The woodland stream that marked the end of their trail was Dunkard
Creek. While the Mason-Dixon line stands for a clear division between
two states, Dunkard Creek has in the past three months come to
represent the confusion of that division. Above ground, political
boundaries are clear, but beneath the surface, two coal mines, one
inactive, the other active, span the border with impunity. Consol
Energy runs the new underground railroad.
Dunkard Creek aquatic life has been destroyed. Consol is responsible.
But Consol has played two state agencies and one federal agency against
each other in order to muddy the water (pardon the pun). There is no
question that water being pumped from Blacksville No. 2 mine (the
active mine) turned fresh water into sea water. There is no question
that Consol has been dumping coalbed methane fracing water into
Blacksville No. 1 (the inactive mine) for a period of three years.
There is no question that this fracing water is much saltier than sea
water.
The only question that might exist in some legalistic minds is whether
Consol could be proven guilty in a court of law. Consol has muddied the
water by discovering an alien algae (that thrives in salt water) and
claiming someone else is to blame for the algae.
Now, Consol has had the gall to insist that it must resume dumping mine
water into Dunkard Creek because miners' lives are at risk. The mine
pool might rise to a level where it flows from Blacksville No. 1 into
Blackville No. 2.
There are solutions to the mine water problem other than dumping into
Dunkard Creek, but they would cost Consol some money. So Consol plays
West Virginia and Pennsylvania Departments of Environmental Protection
against each other and calls in the federal Environmental Protection
Agency so it can pick and choose among the answers it gets.

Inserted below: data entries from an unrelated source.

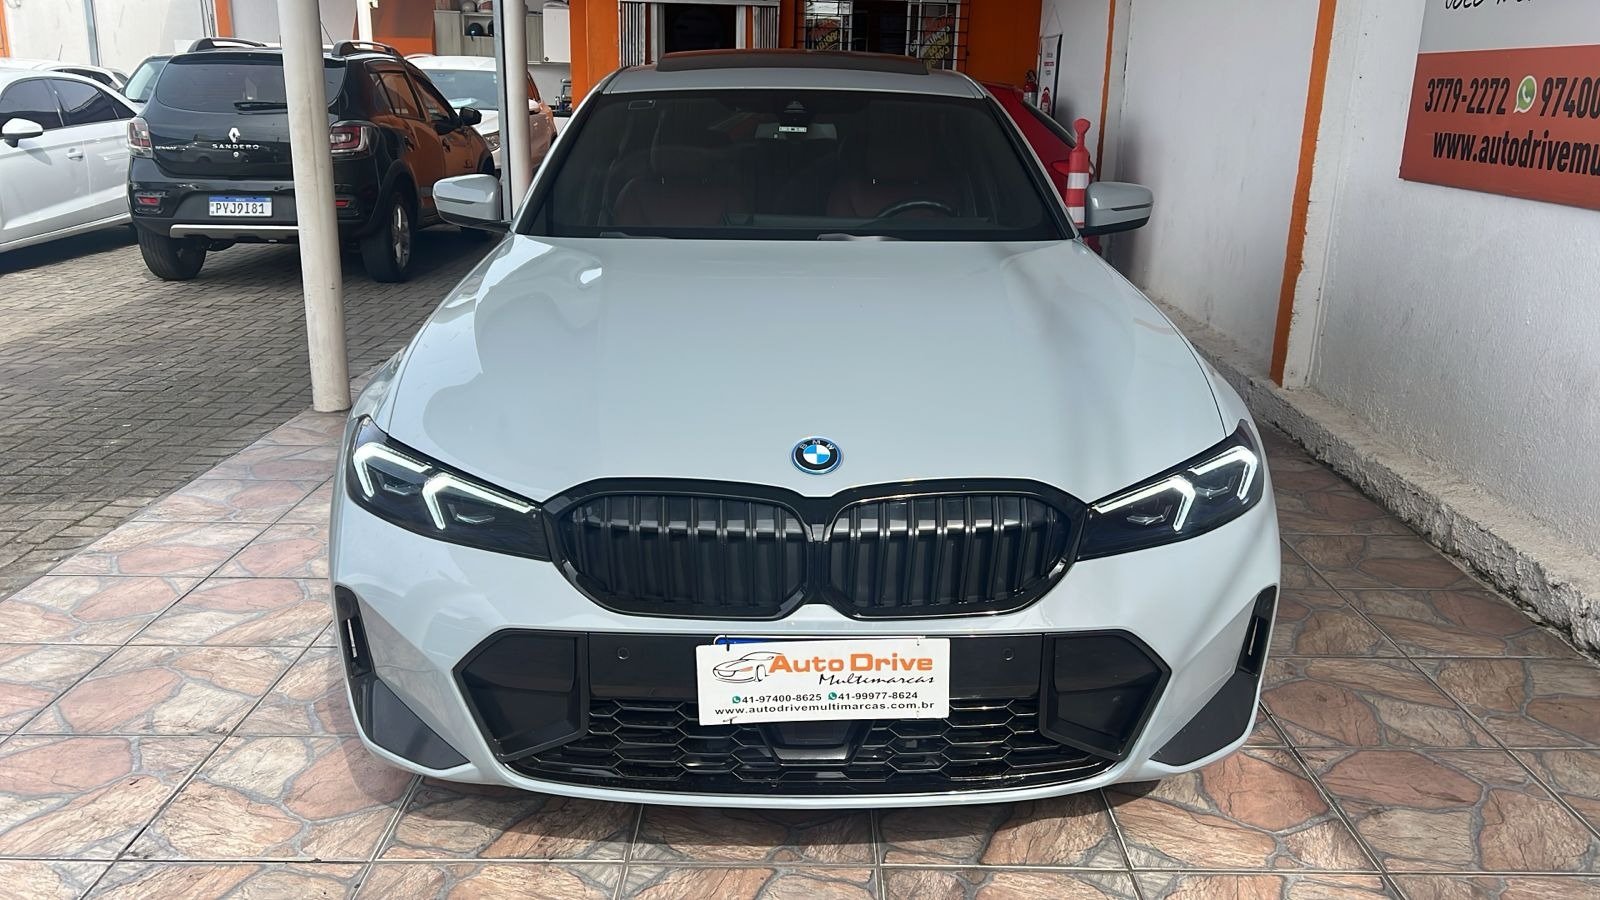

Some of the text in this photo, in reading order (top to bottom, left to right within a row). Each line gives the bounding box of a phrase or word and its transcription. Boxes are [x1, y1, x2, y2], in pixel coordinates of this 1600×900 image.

[1425, 78, 1510, 115] 3779-2272
[215, 203, 265, 214] PYJ9I81
[800, 440, 835, 450] BMW
[769, 653, 933, 673] Auto Drive
[742, 691, 918, 704] 41-97400-8625 41-99977-8624
[714, 701, 935, 715] www.autodrivemultimarcas.com.br
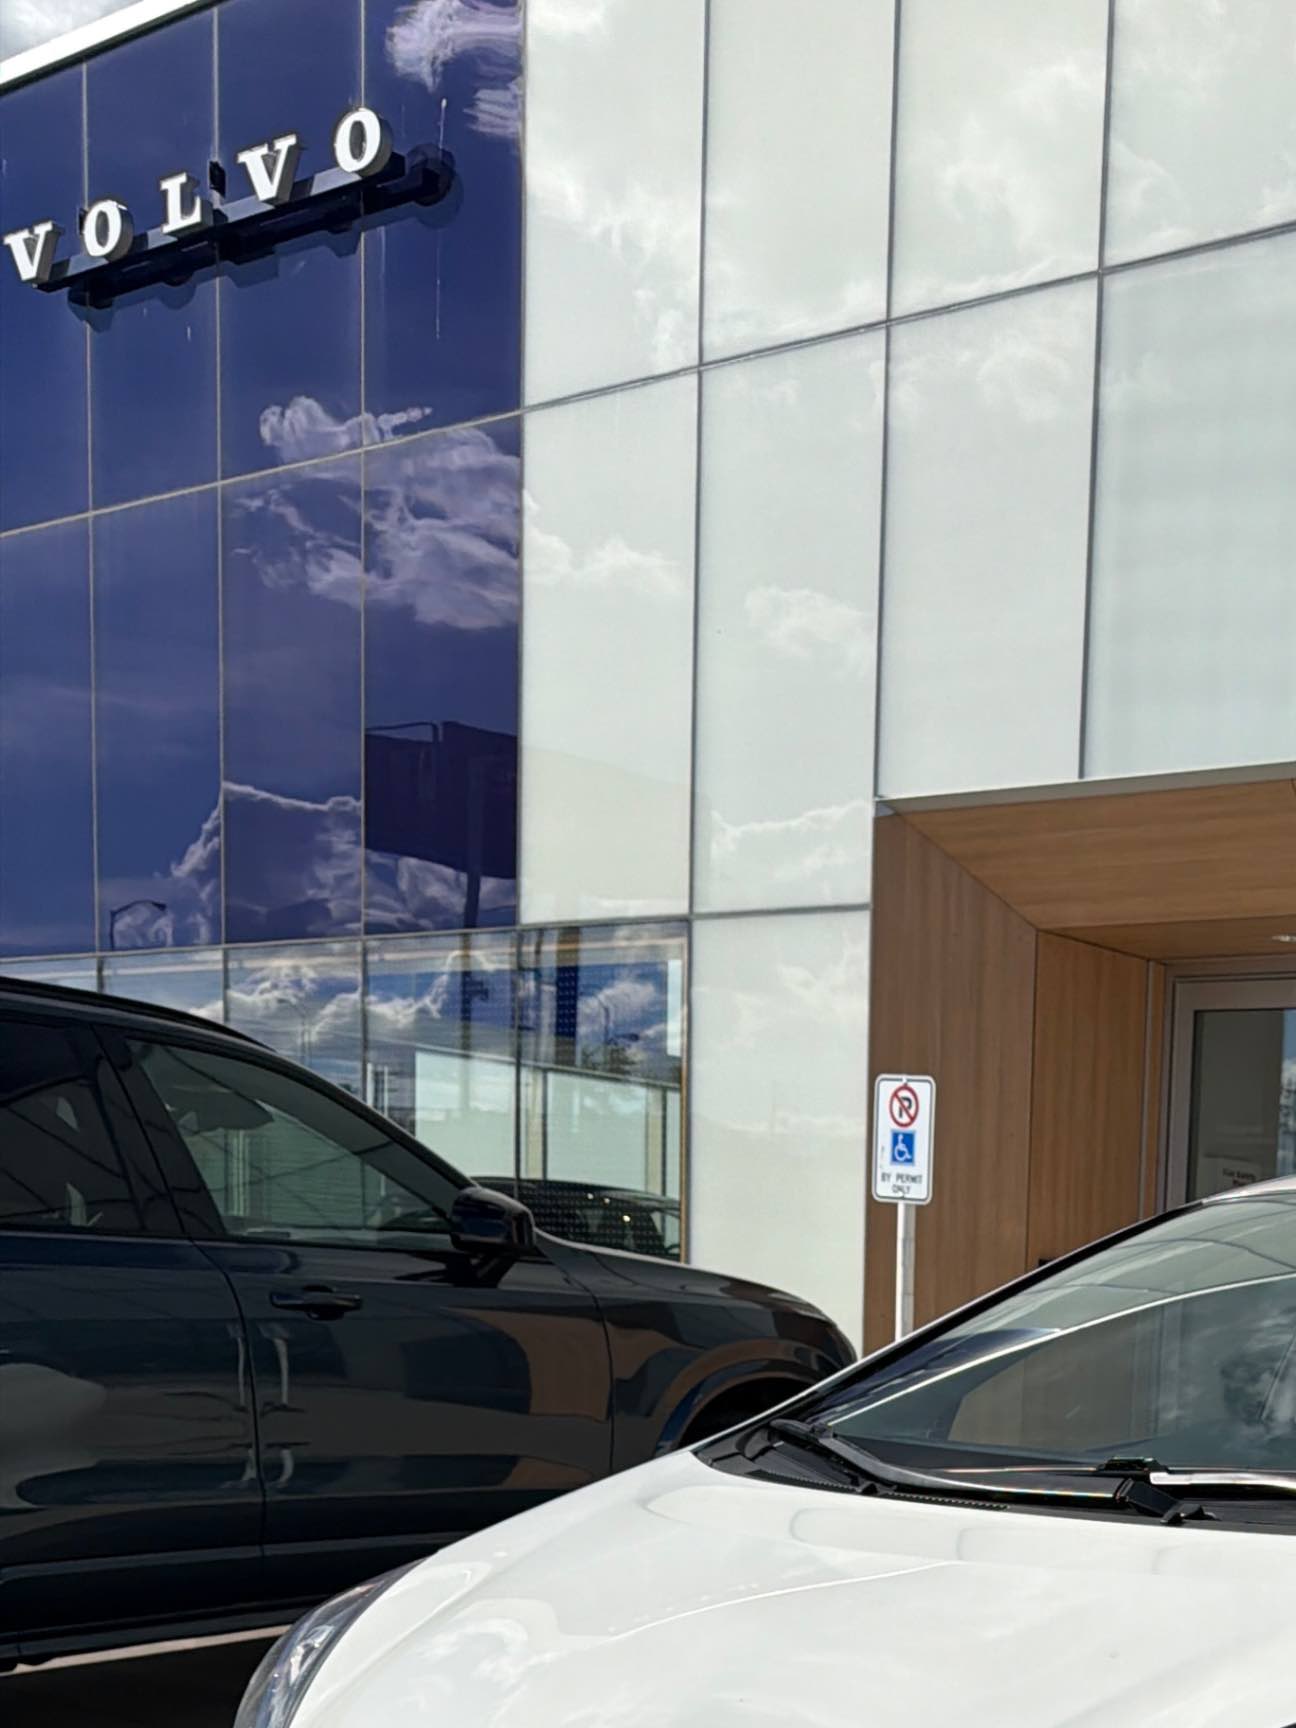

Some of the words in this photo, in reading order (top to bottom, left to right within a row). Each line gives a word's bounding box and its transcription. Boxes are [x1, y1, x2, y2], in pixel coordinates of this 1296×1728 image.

[4, 108, 390, 285] VOLVO
[881, 1172, 891, 1182] BY
[896, 1173, 923, 1184] PERMIT
[891, 1184, 911, 1195] ONLY
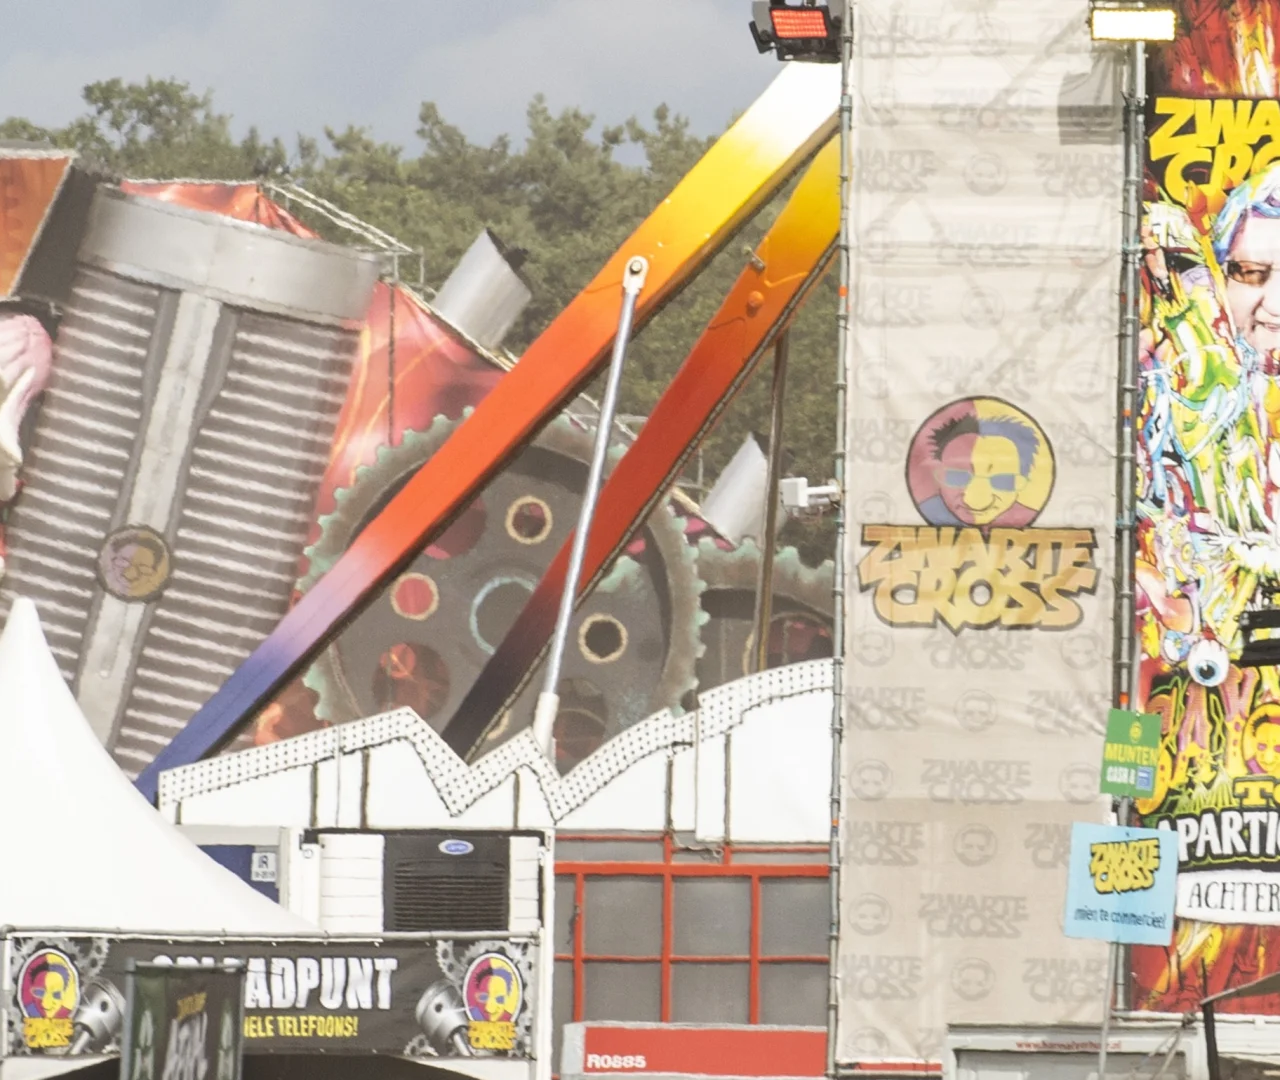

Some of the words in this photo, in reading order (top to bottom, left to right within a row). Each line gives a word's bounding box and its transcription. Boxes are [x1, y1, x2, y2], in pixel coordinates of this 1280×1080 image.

[857, 525, 1100, 594] ZWARTE
[873, 565, 1084, 636] CROSS
[277, 1015, 359, 1037] TELEFOONS!

The only reasonable solutions are the following:Consol
forfeits $1 million immediately to go toward cleanup of
Dunkard Creek;
- Consol discontinues immediately and permanently the dumping
of
fracing water into the mine and the dumping of mine water into Dunkard
Creek;
- Consol initiates a monitoring program to track water levels
near
Blacksville No. 2 mine;
- Consol develops a plan to close down the mine any time
flooding
is imminent;
- The state and federal agencies clean up Dunkard Creek at
whatever
cost and send Consol the bill.
With the rush to exploit Marcellus Shale gas coming on top of
coalbed
methane wells, Western Pennsylvania faces a pollution problem that
threatens everyone's drinking water. Our lawmakers and our so-called
protection agency must take unilateral action. We can't wait for West
Virginia or EPA to solve our problems.
Consol Energy has a history of glossing over problems and concealing
problems. Its claims for "Clean Coal" are only the most blatant, not
the most damaging.
Philip Coleman is a resident of West Brownsville, a retired professor
and chairman of the Center for Coalfield Justice board.